The party no longer seemed to know what it was in government for, following the quashing of its hopes for a second independence referendum and the vetoing of its controversial gender reforms.

The stage was set for Scottish Labour’s dramatic return to power.

By the start of last year, Bute House seemed almost within touching distance for the Scottish Labour leader.

And then Keir Starmer became Prime Minister, and Mr Sarwar watched as his dream of power slowly faded.

Unlike the SNP, Labour in Scotland thrives or dies on the reputation of UK Labour. And since July last year, when the country voted reluctantly for a Labour government, its popularity has suffered as a consequence of the Westminster government’s various mistakes, pratfalls and unforced errors.

Mr Sarwar must be given credit for reining in his temper and for not publicly blaming the resident of No 10 for Scottish Labour’s disastrous poll ratings, which show his party has little chance of replacing the SNP in government.

But he must know it to be true. There was little enthusiasm for Labour at last year’s general election; the party won just a third of the vote on a historically low turnout, a fact camouflaged by a near 170-seat majority in the Commons.

Since then, scandal after scandal, misjudgment after misjudgment, reverse after reverse has reduced Labour support to a fraction of what it used to enjoy.

The reasons are not hard to discern. There was public outrage when it emerged that numerous ministers, including the Prime Minister, had accepted thousands of pounds in clothes and hospitality from a wealthy Labour donor who was also a Lord with a pass to Downing Street.

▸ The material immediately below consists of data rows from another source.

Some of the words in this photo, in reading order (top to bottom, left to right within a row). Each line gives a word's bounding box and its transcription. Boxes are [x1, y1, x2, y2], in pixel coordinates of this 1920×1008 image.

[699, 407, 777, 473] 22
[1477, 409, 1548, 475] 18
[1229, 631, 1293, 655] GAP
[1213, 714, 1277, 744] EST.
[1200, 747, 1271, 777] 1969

Then came the policy disasters: the scrapping of the Winter Fuel Payments for richer pensioners (then a partial U-turn on the policy).

The refusal to scrap the two-child limit for claiming benefits, and the abandonment of welfare reforms, having marched his troops – and his Work and Pensions Secretary – to the top of the hill and back down again with nothing to show for it.

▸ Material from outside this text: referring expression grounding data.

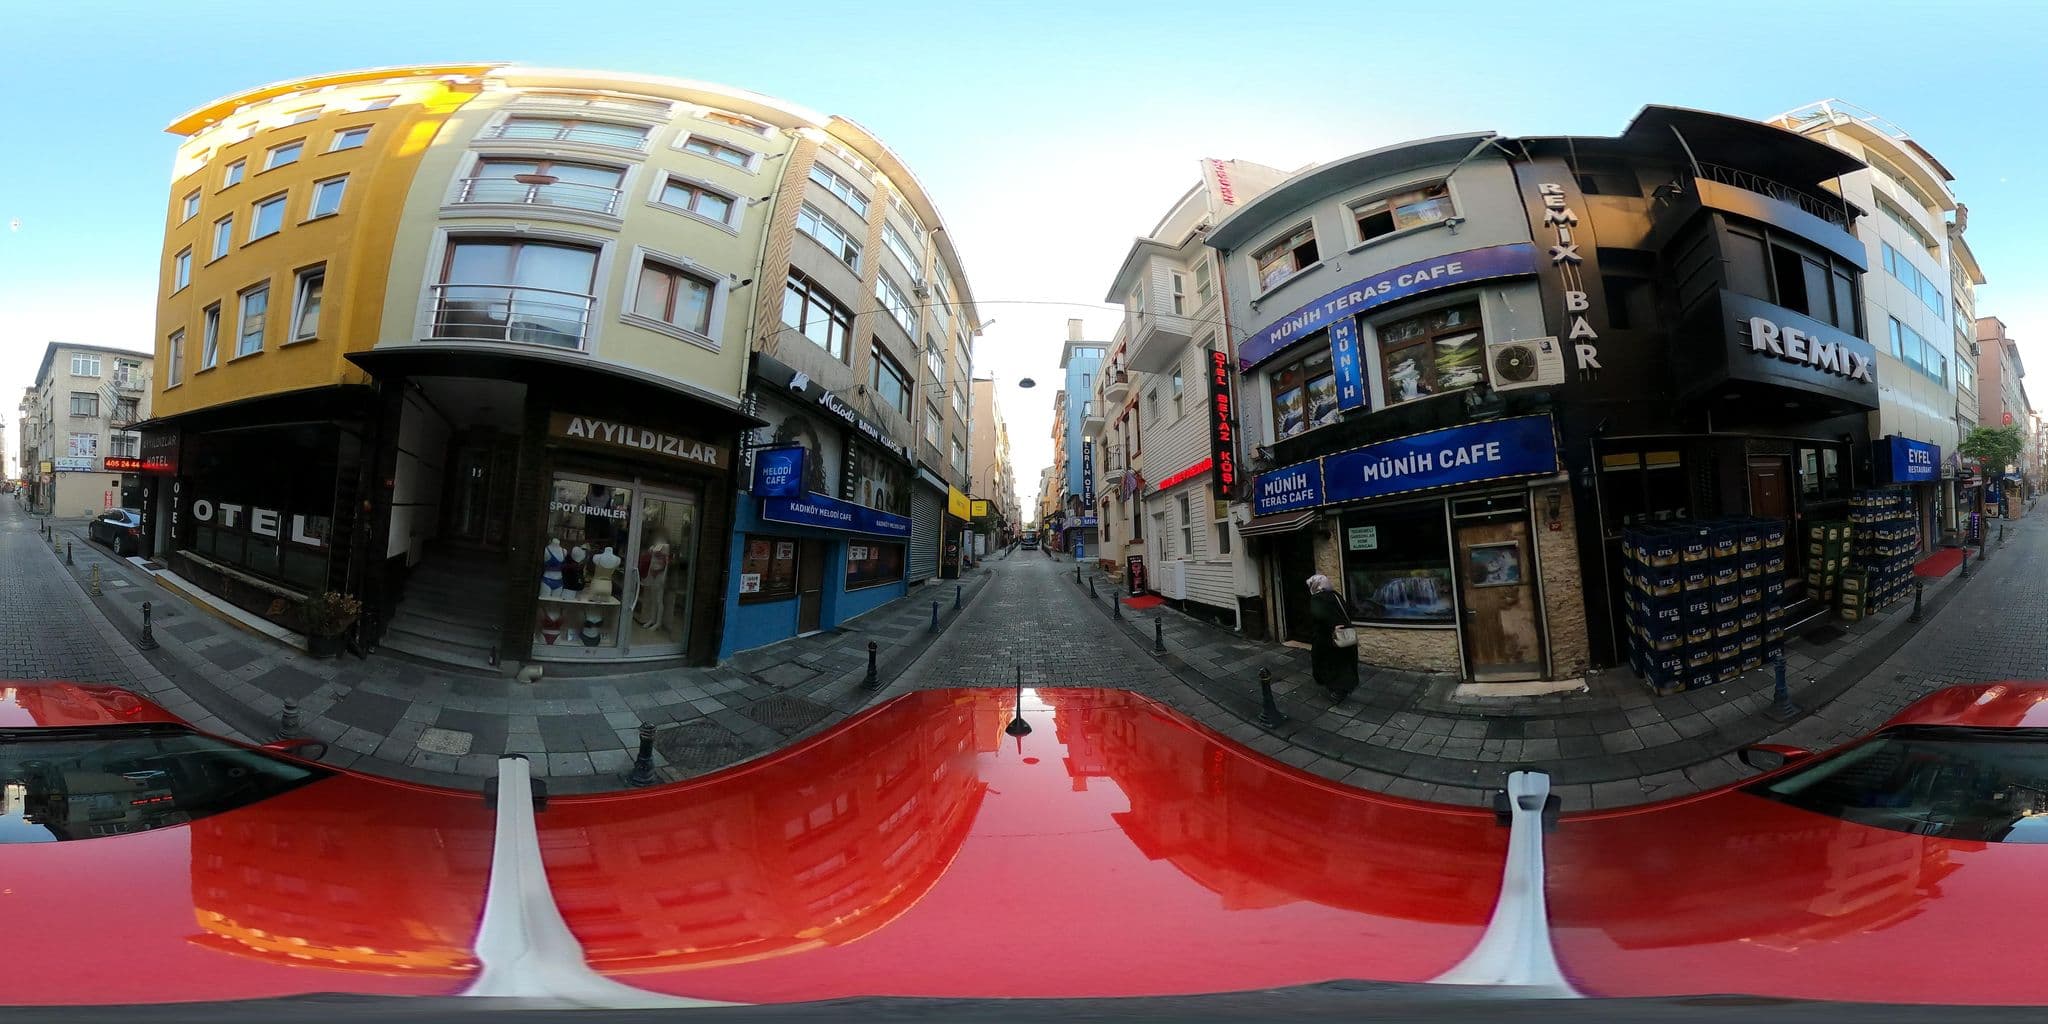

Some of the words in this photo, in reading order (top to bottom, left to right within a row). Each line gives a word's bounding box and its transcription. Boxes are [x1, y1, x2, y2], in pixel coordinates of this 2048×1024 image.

[1270, 308, 1320, 344] MÜNİH
[1325, 280, 1391, 313] TERAS
[1397, 261, 1464, 288] CAFE
[1566, 290, 1601, 369] BAR
[1336, 326, 1355, 399] MÜNİH
[1750, 317, 1873, 382] REMIX
[1215, 352, 1225, 385] OTEL
[1217, 394, 1230, 441] BEYAZ
[567, 417, 717, 464] AYYILDIZLAR
[1908, 448, 1931, 464] EYFEL
[766, 475, 786, 485] CAFE
[1363, 451, 1432, 482] MÜNİH
[1439, 441, 1501, 469] CAFE
[1261, 487, 1287, 509] TERAS
[1289, 489, 1314, 503] CAFE
[1265, 472, 1306, 496] MÜNİH
[142, 488, 150, 536] OTEL
[171, 481, 181, 538] OTEL
[193, 499, 321, 547] OTEL
[550, 501, 576, 513] SPOT
[580, 503, 626, 520] ÜRÜNLER
[790, 502, 819, 515] KADIKÖY
[839, 512, 852, 521] CAFE
[1659, 608, 1679, 618] EFES
[1690, 602, 1708, 612] EFES
[1662, 658, 1680, 669] EFES

Labour at Westminster, within a few short months, looked as aimless and bewildered as the SNP had looked following Ms Sturgeon’s departure. And the voters took note.

Suddenly Bute House looked as unattainable to Mr Sarwar as the Scottish Premiership looked to Rangers. Even the slow, steady rise of Reform UK in Scotland looked to threaten his election hopes, with it displacing Labour as the main opposition in one poll.

After 18 years in office, the SNP under John Swinney – unbelievably – looks set to win yet another term. And the First Minister, like his Scottish Labour counterpart, has Keir Starmer to thank.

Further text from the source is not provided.